--- RECORDED INFORMATION Enclosed Below ---

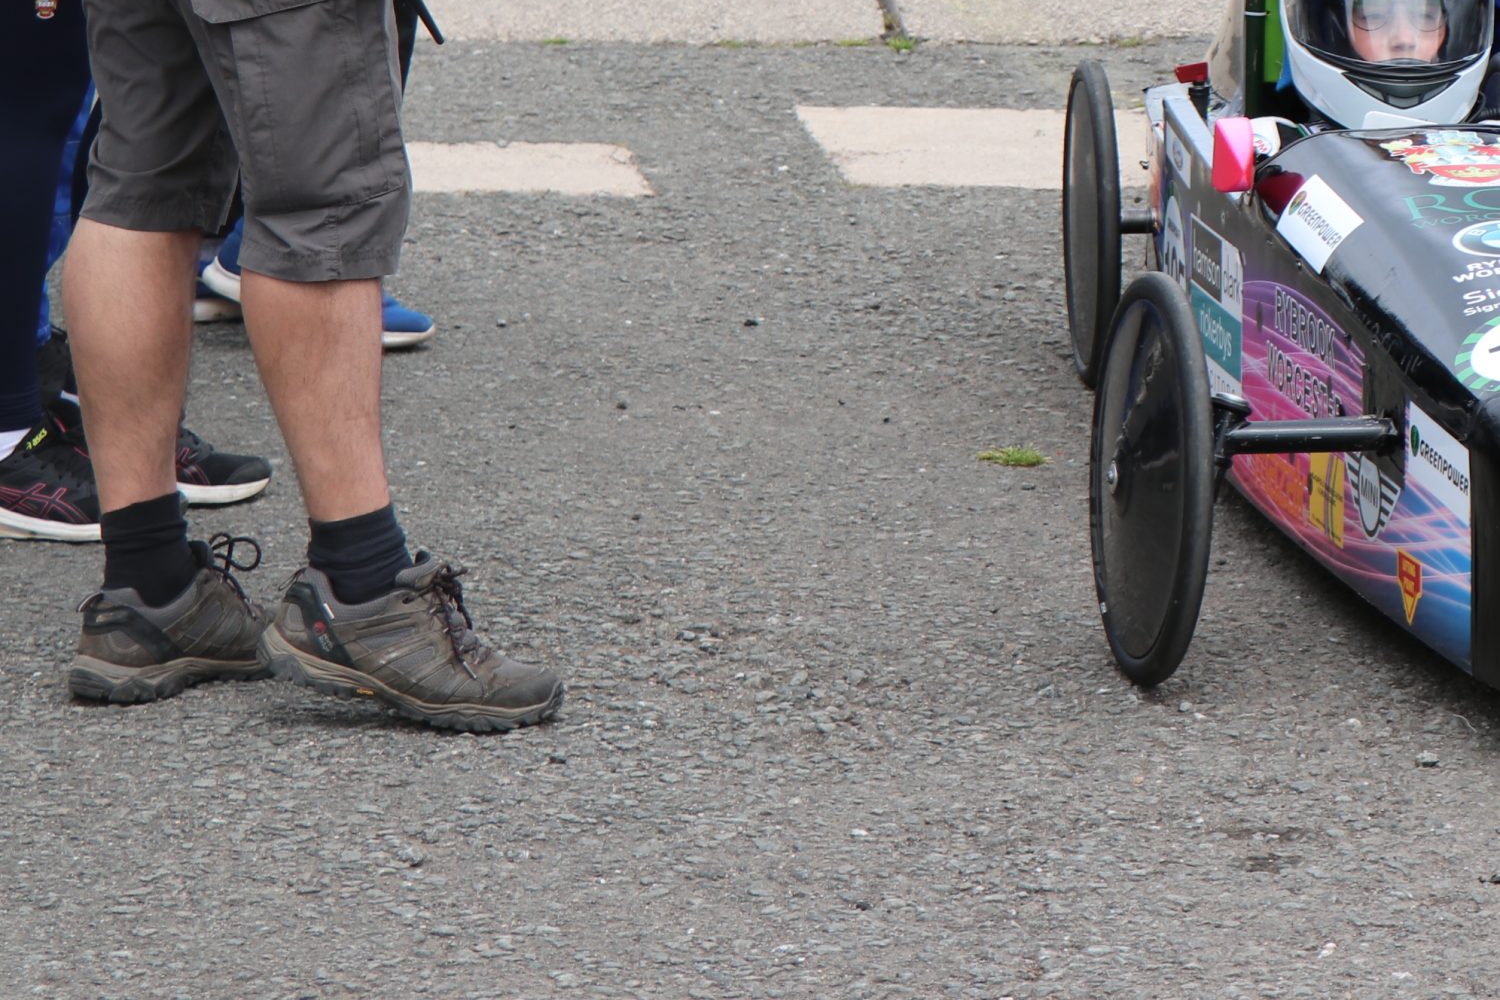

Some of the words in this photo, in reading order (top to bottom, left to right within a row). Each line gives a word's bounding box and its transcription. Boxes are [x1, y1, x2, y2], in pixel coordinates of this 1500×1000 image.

[1296, 202, 1343, 249] GREENPOWER
[1193, 228, 1221, 290] harrison
[1200, 303, 1232, 361] rickerbys
[1274, 286, 1336, 371] RYBROOK
[1360, 475, 1379, 508] MINI
[1420, 440, 1470, 497] GREENPOWER
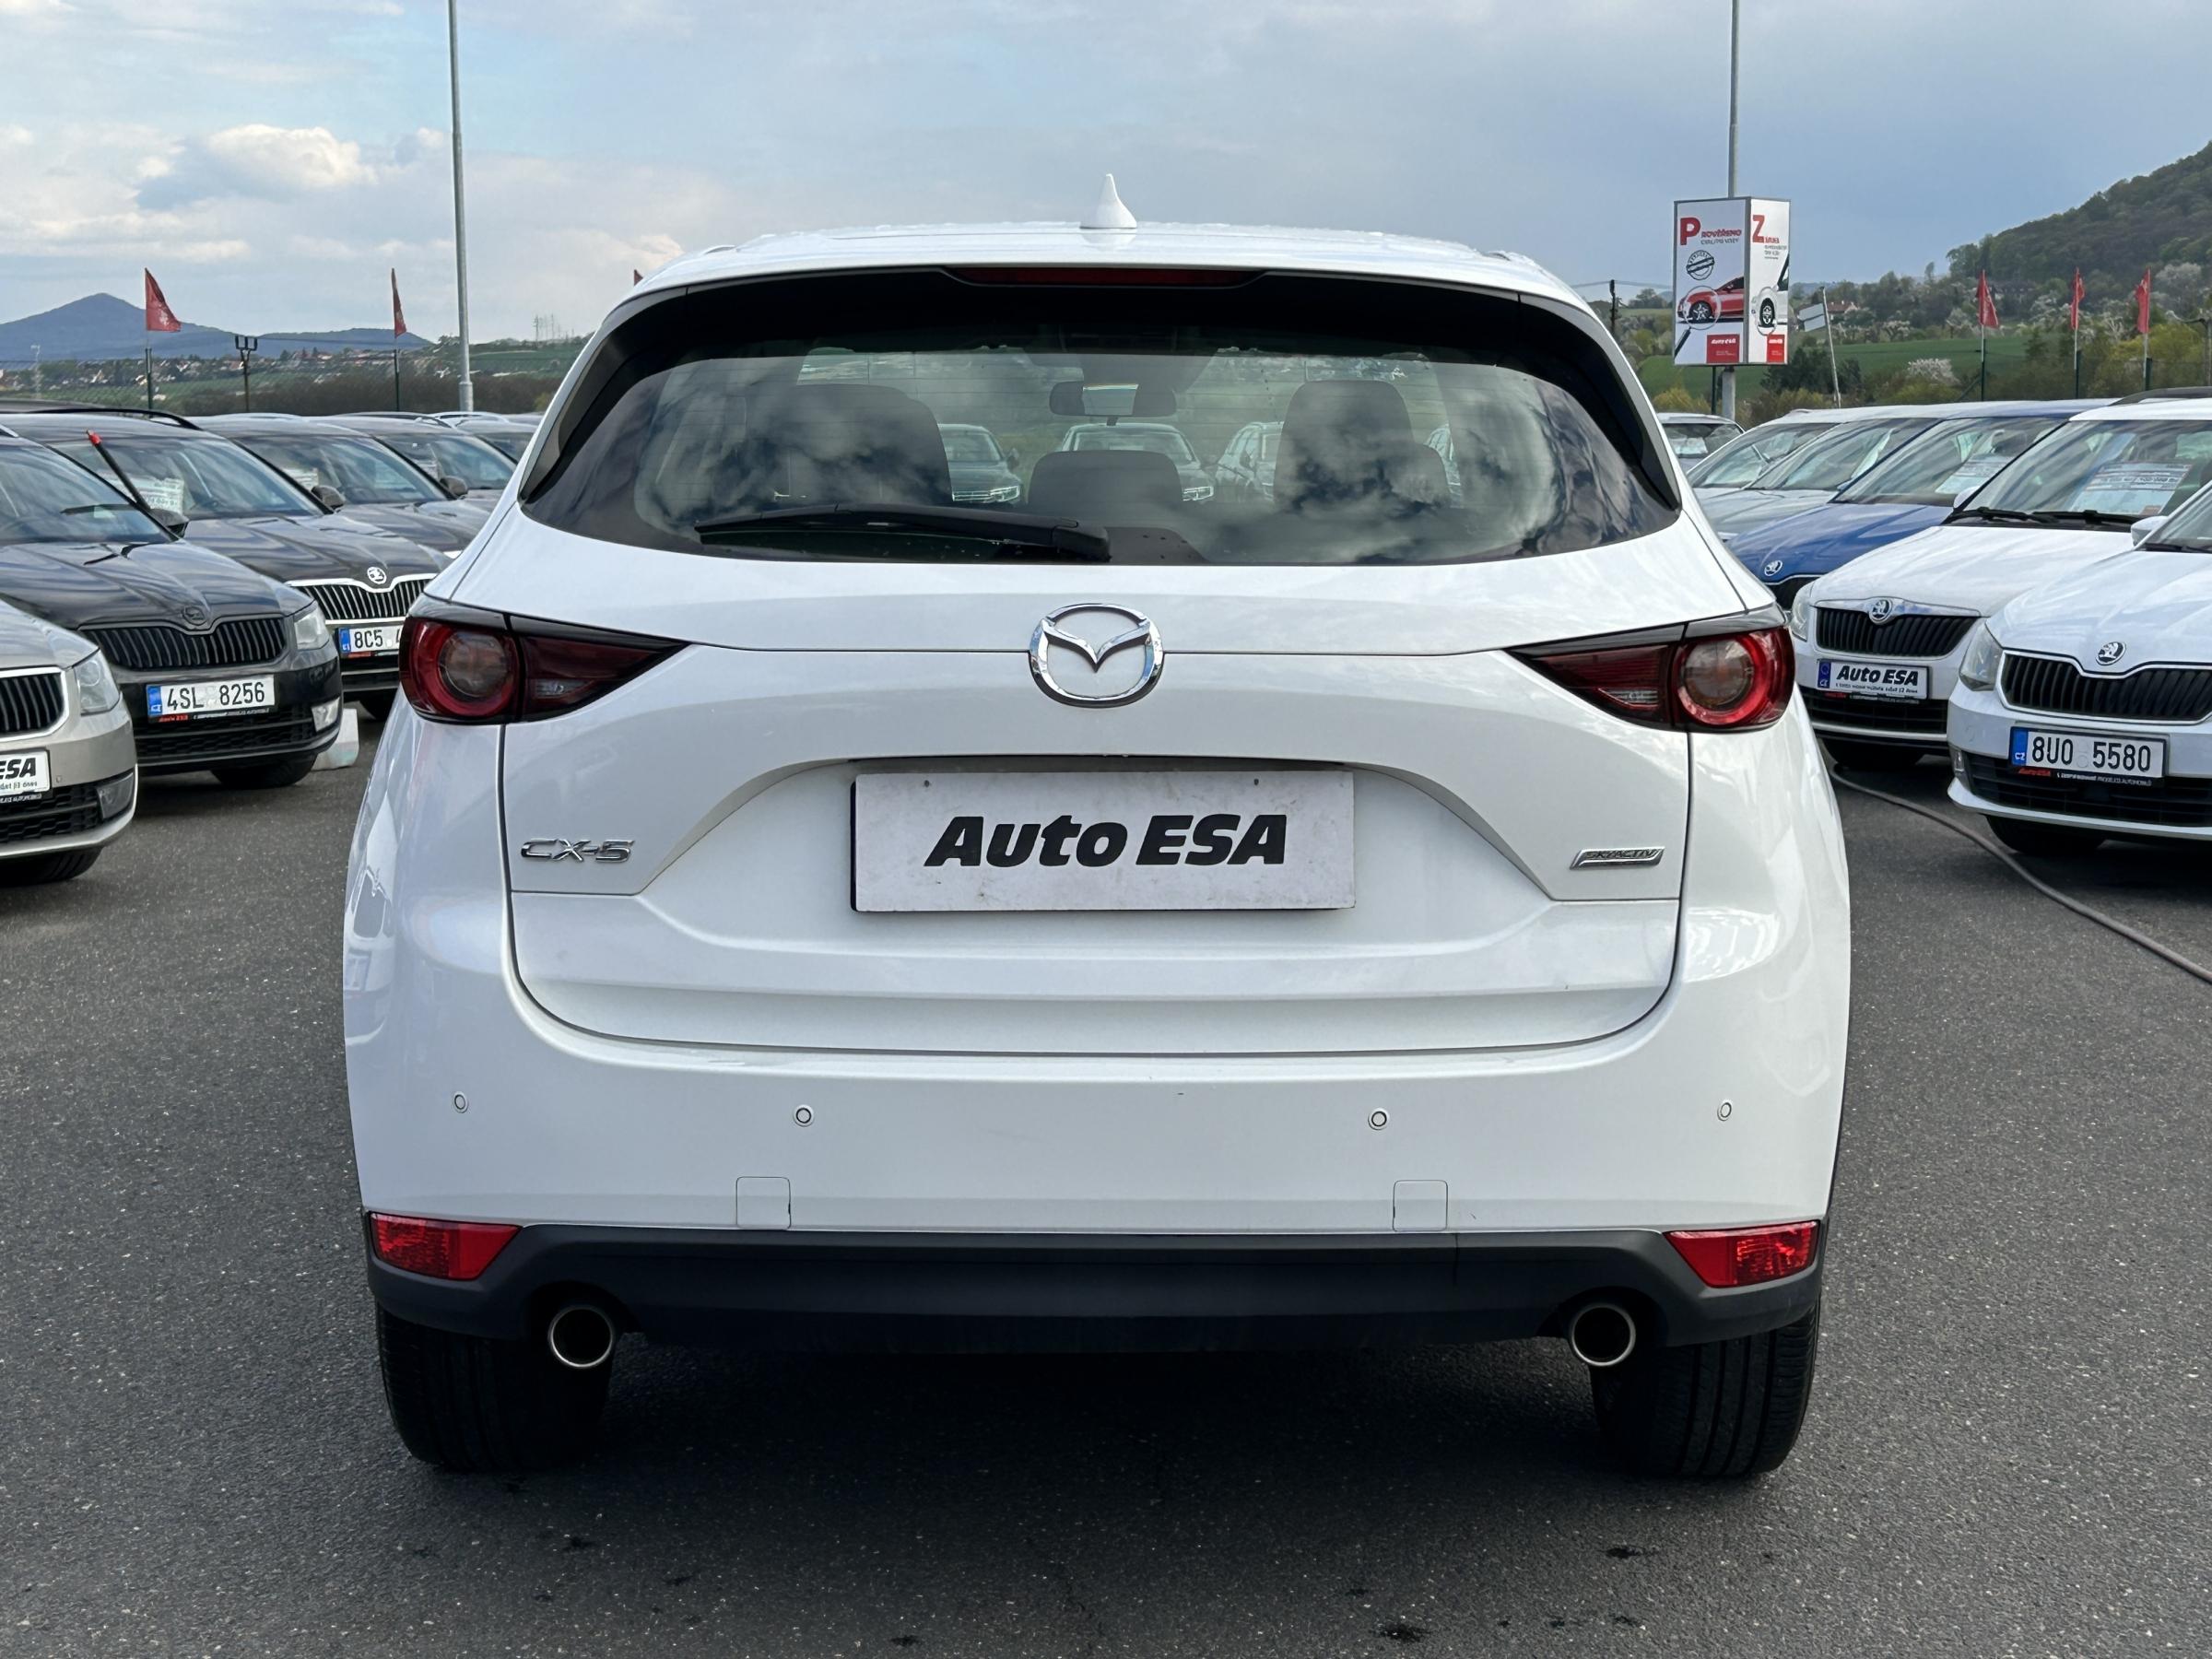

--- End of Enclosed RECORDED INFORMATION ---

**WHAT IS EXPECTED:** Exclude the images, then output the data above word for word.

**RESPONSE AREA:**
Some of the words in this photo, in reading order (top to bottom, left to right within a row). Each line gives a word's bounding box and its transcription. Boxes are [x1, y1, x2, y2], in pixel coordinates of this 1500×1000 image.

[1296, 202, 1343, 249] GREENPOWER
[1193, 228, 1221, 290] harrison
[1200, 303, 1232, 361] rickerbys
[1274, 286, 1336, 371] RYBROOK
[1360, 475, 1379, 508] MINI
[1420, 440, 1470, 497] GREENPOWER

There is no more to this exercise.